* **What the task asks**:
Your answer must match the records word for word and contain no pictures.

* **Excerpted records**:
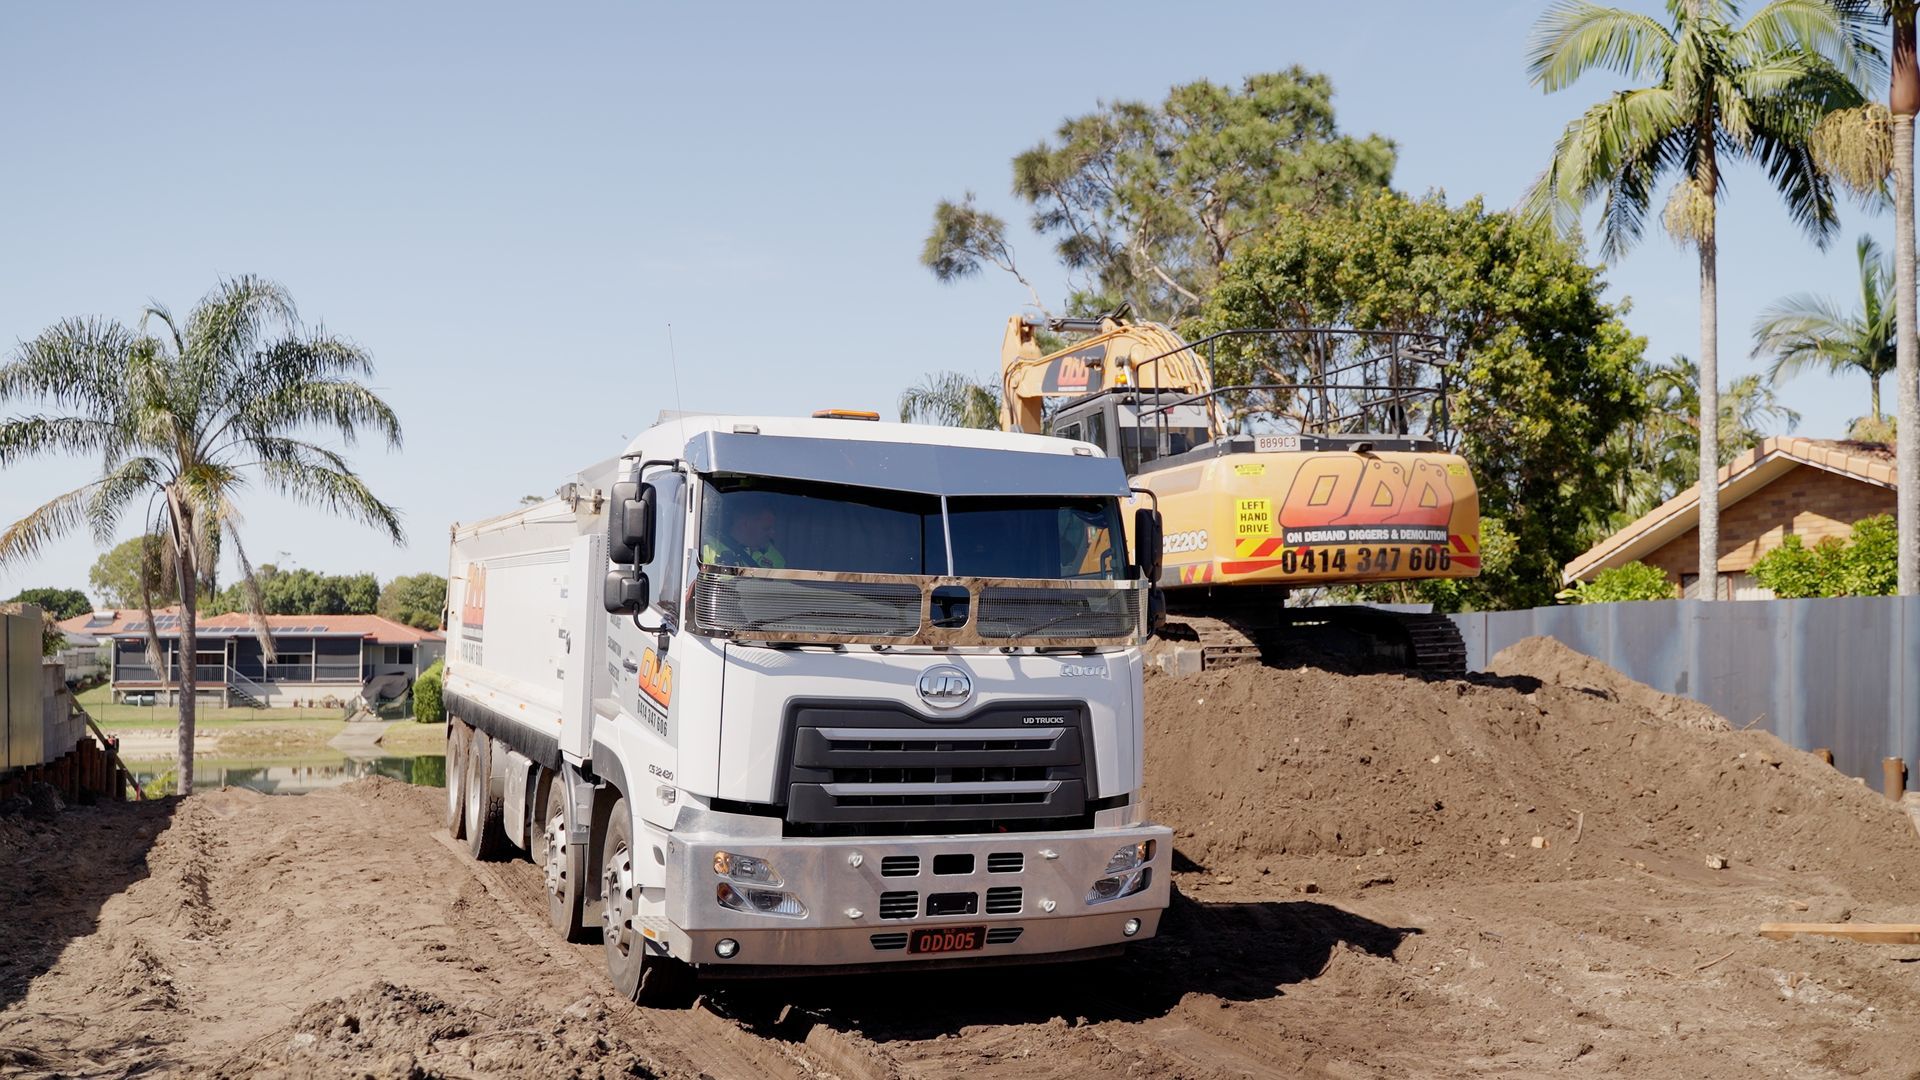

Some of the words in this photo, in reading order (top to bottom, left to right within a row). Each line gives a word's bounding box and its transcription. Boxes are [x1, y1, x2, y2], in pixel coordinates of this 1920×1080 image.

[1260, 436, 1297, 449] 8899C3
[1278, 456, 1454, 527] ODD
[1241, 501, 1265, 511] LEFT
[1240, 512, 1268, 522] HAND
[1239, 523, 1270, 534] DRIVE
[1162, 530, 1208, 554] X220C
[1286, 531, 1303, 544] ON
[1304, 530, 1347, 543] DEMAND
[1348, 529, 1390, 541] DIGGERS
[1391, 529, 1399, 540] &
[1400, 529, 1447, 541] DEMOLITION
[1281, 548, 1347, 575] 0414
[1356, 547, 1402, 573] 347
[1408, 547, 1451, 572] 606
[920, 676, 970, 698] UD
[647, 709, 657, 728] 347
[657, 716, 668, 737] 606
[1035, 716, 1065, 724] TRUCKS

* **Solution**:
Some of the words in this photo, in reading order (top to bottom, left to right within a row). Each line gives a word's bounding box and its transcription. Boxes are [x1, y1, x2, y2], in pixel coordinates of this 1920×1080 image.

[1260, 436, 1297, 449] 8899C3
[1278, 456, 1454, 527] ODD
[1241, 501, 1265, 511] LEFT
[1240, 512, 1268, 522] HAND
[1239, 523, 1270, 534] DRIVE
[1162, 530, 1208, 554] X220C
[1286, 531, 1303, 544] ON
[1304, 530, 1347, 543] DEMAND
[1348, 529, 1390, 541] DIGGERS
[1391, 529, 1399, 540] &
[1400, 529, 1447, 541] DEMOLITION
[1281, 548, 1347, 575] 0414
[1356, 547, 1402, 573] 347
[1408, 547, 1451, 572] 606
[920, 676, 970, 698] UD
[647, 709, 657, 728] 347
[657, 716, 668, 737] 606
[1035, 716, 1065, 724] TRUCKS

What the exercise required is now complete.